I'm on E.P. 33 now this month, I listen to it in the back ground while I'm web surfing somtimes even....How much bandwidth have I ate up? I'm also torrenting with a 100k cap on top(to keep HD running smooth)


----------



## El Fiendo (Apr 4, 2009)

ShadowFold said:


> Doesn't playing in an online game take up a lot of bandwidth?



No, it barely adds any _megabytes_ to my daily usage.


To everyone else. Great. Do you really _need_ all that? All I'm saying is USA is ranked right up near the top of Broadband per capita. I grew up with 56k dial up because even though I was living 15 minutes outside the Provincial Capital (like a State's capital) it wasn't available. Still isn't. Are your eyes going to bust out your head if you don't get everything all the time right bloody now? Probably not.


----------



## DaMulta (Apr 4, 2009)

El Fiendo said:


> No, it barely adds any _megabytes_ to my daily usage.
> 
> 
> To everyone else. Great. Do you really _need_ all that? All I'm saying is USA is ranked right up near the top of Broadband per capita. I grew up with 56k dial up because even though I was living 15 minutes outside the Provincial Capital (like a State's capital) it wasn't available. Still isn't. Are your eyes going to bust out your head if you don't get everything all the time right bloody now? Probably not.



Man back in the day I downloaded on BBS, then internet came about then WWW

Then I found direct connect and shared my whole drive, and downloaded hard core. WITH 56k!

I also used to use those free 56k dial ups that had the advertisements and did the same thing. I remember having to use a crazy mouse program that would keep my mouse moving so my download wouldn't stop. It would take weeks to get 1GB at times but yet I still was doing it.

Good things take time lol.....

ISDN kicked ass too!")
I miss the old days of pirating.... when no one gave a dame and Napster was a total hit! It used to be cool to get everything for free.

You should see the stacks of floppies/ cds / dvds of crap that I made years ago. Man in school I paid for all my smokes gas and everything else off of ......lol

Of course I have stopped my ways of most. I now rent all my movies at the dollar pop machine dvd rental place. I can get 10 movies for 10usd and turn them all in the next day  It's sooo fun to watch movies.


----------



## El Fiendo (Apr 4, 2009)

DaMulta said:


> Man back in the day I downloaded on BBS, then internet came about then WWW
> 
> Then I found direct connect and shared my whole drive, and downloaded hard core. WITH 56k!
> 
> ...



Yea, sorry I wasn't meaning to direct anything at you, you seem fairly level headed at this issue. I just get tired of seeing people whine and moan when its still better than probably 95% of the world's population.


----------



## DaMulta (Apr 4, 2009)

I hate the @!#%ing idea of caps. They used to have MINS at a time. Don't you remember AOL get 1900Mins for 19.99.......

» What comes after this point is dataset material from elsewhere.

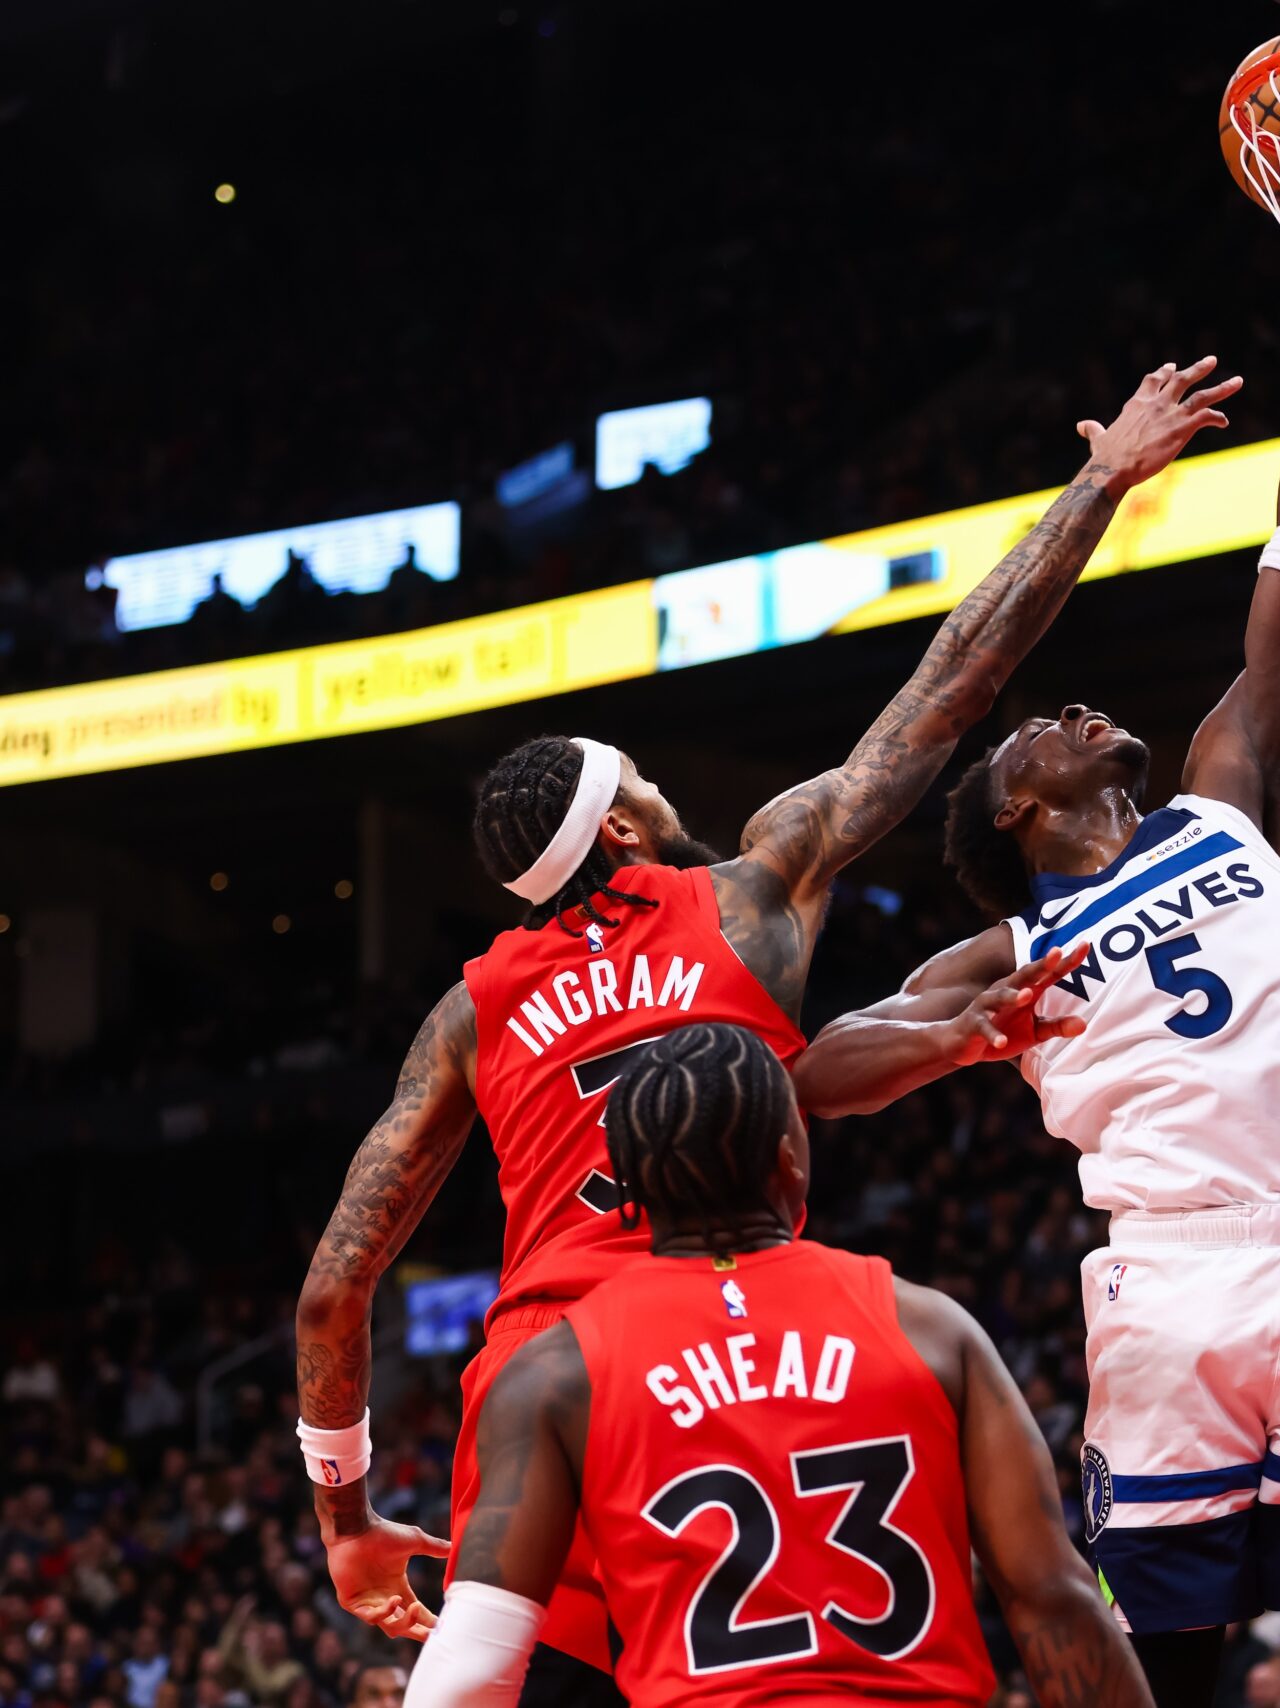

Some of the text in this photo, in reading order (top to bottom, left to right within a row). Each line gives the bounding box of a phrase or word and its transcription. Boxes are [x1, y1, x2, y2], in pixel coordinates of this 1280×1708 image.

Then they all went cap free, and it's been nice for the last 10 years.(All tho there has always been total no cap internet just not for everyone).

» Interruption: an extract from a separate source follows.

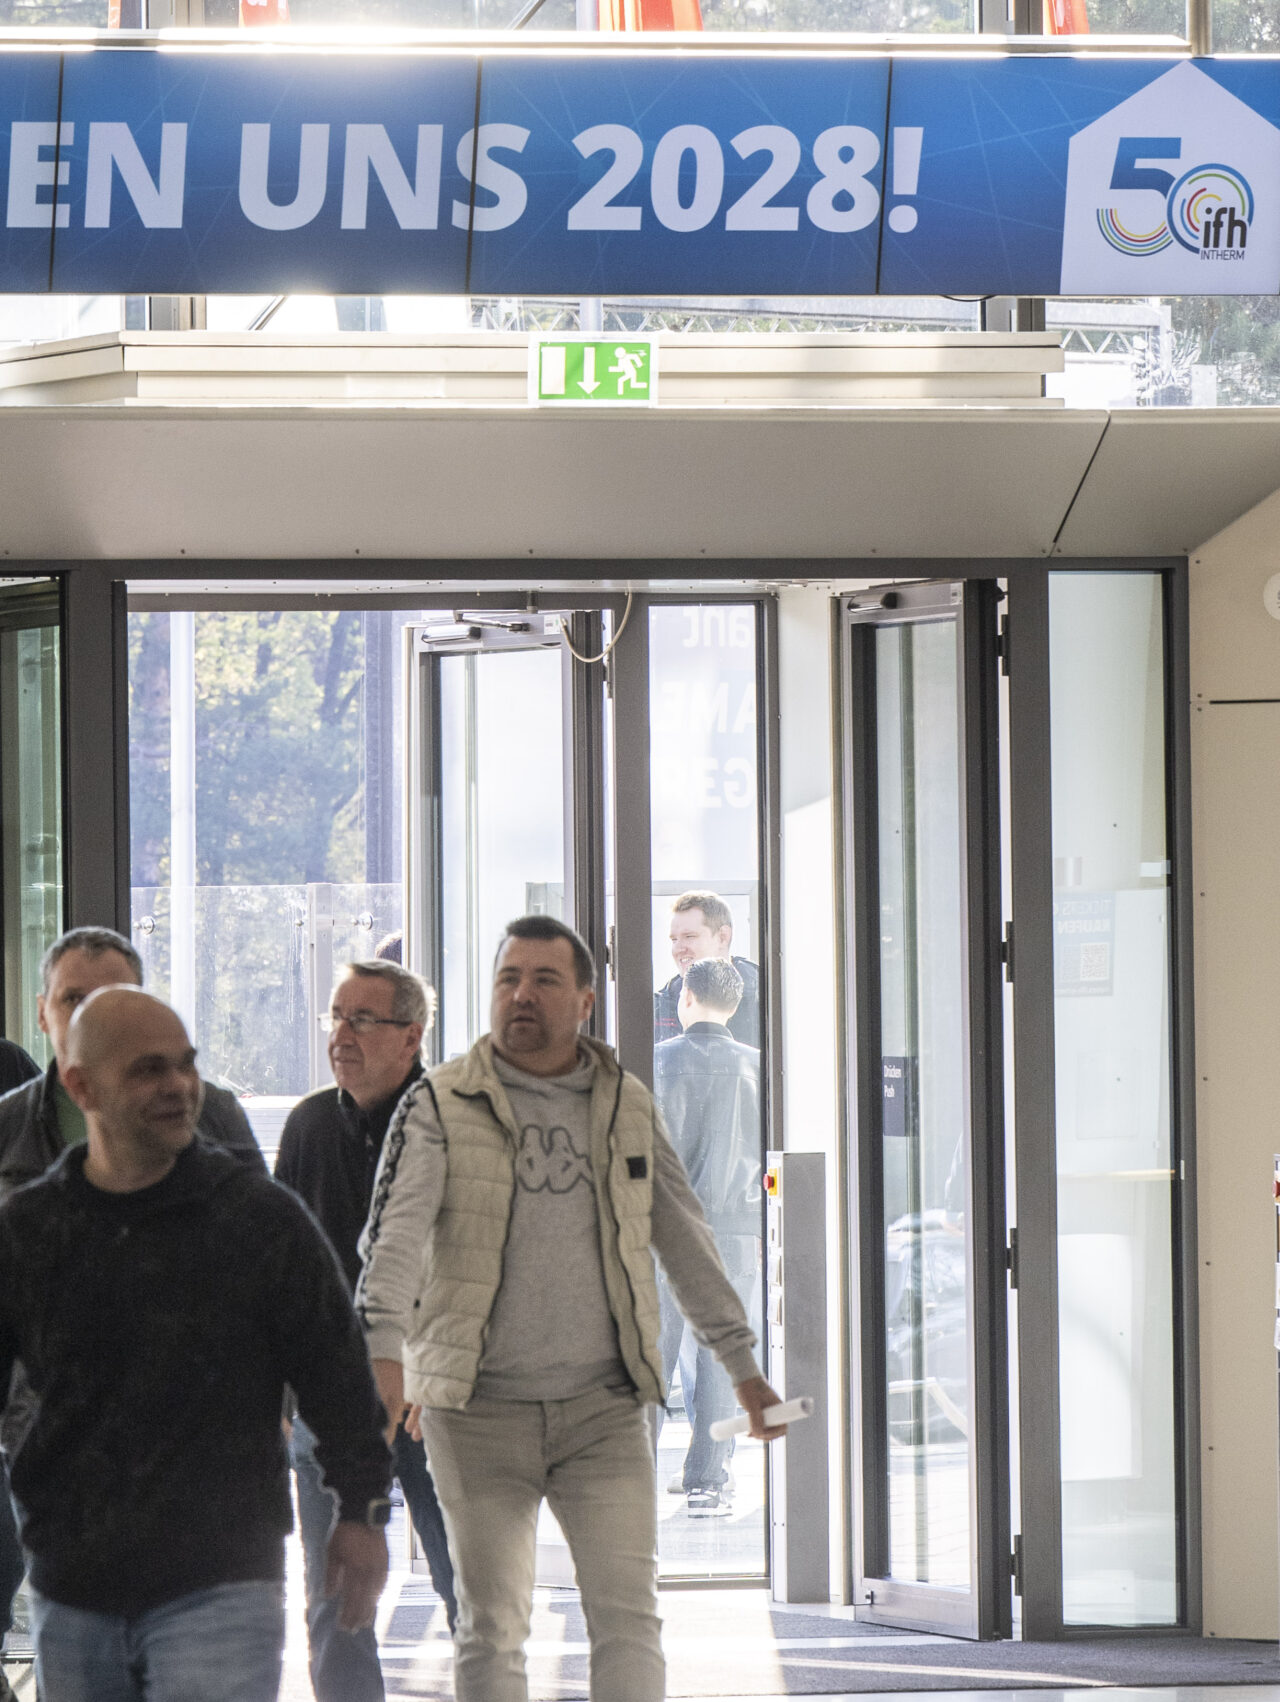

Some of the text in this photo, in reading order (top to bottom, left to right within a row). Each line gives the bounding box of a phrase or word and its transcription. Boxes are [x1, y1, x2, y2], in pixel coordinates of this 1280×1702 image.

I HOPE I DON"T GET A CAP. Programs are getting bigger and bigger and longer to download. Games eat up hell of bandwidth everything does anymore. We have had a cap free system for so long that no one spent time on making it eat less bandwidth. We could compress everything before it downloads. We could of gotten better at it. If everyone was still on 56k we would of gotten really good at it, but how it is we didn't. We all just went faster and more bandwidth with no caps.


----------



## eidairaman1 (Apr 4, 2009)

Cable Companies= Greed


----------



## DaMulta (Apr 4, 2009)

I think porn killed us. You have NO IDEA how much bandwidth is spent on porn.....I know I'm guilty of porn too


----------



## El Fiendo (Apr 4, 2009)

Porn is 45% of my monthly total bandwidth. Considering I use around 50% of my total monthly bandwidth...


----------



## 95Viper (Apr 4, 2009)

Pron is one of the driving forces that moved the data stream from 150 and 300 baud to today's wonderful capabilities, just as all media and information is driving it now. (Pron is still here).

Yes, I love the speeds, 'cause I remember letting downloads go overnight or days.  If I had extra funds, I would have the fastest connection available.

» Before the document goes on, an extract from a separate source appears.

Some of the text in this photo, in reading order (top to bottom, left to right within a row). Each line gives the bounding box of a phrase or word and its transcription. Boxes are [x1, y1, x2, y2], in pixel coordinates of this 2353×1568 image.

I still have my Hayes 150/300 in the closet somewhere, gorgeous little grey box.


----------



## Kenshai (Apr 4, 2009)

I actually live an hour away from where they are adding this cap, if they stretch it to my area. I'm leaving Time Warner, I will pretty much be forced to drop my Netflix streaming if I remained with Time Warner. Not to mention spread between me and my two room mates (one of them always torrenting) we use a TON of bandwidth. 40GB cap isn't worth it to us then.


----------



## DaedalusHelios (Apr 4, 2009)

Its entering my city... Greensboro, NC.

We already have some of the highest rates on healthcare in the entire world here. Now we are going to get crappy internet. My internet tops out at 3 megabits per second and now we will receive a 40gb cap? Its the only option for highspeed here for people any reasonable distance from a phone switching station(dsl being neutered).

The majority of our cable infrastructure was paid for with tax dollars(in return for soft money to politicians) and now they hand out bandwidth like rations at war time. Its only because they have no real regulation that they can price rape their customers. As if the fall of the world financial system wasn't enough for us to see that unregulated greed hurts all but the extremely rich that profit from our misfortunes and desperation.


----------



## DaMulta (Apr 4, 2009)

We also have a top secret base near me, along with one of the main Military hubs....I hope it saves me from caps 

The main hub bases through my city.....does that help me?

My cousin has satellite with a 200meg cap everyday(75 dollars a month in the US), but is unlimited from 2Am to 5Am which is when he downloads.....it's crazy, and it's that much because the only other choice is dial up and the satellite companies know you will pay.


----------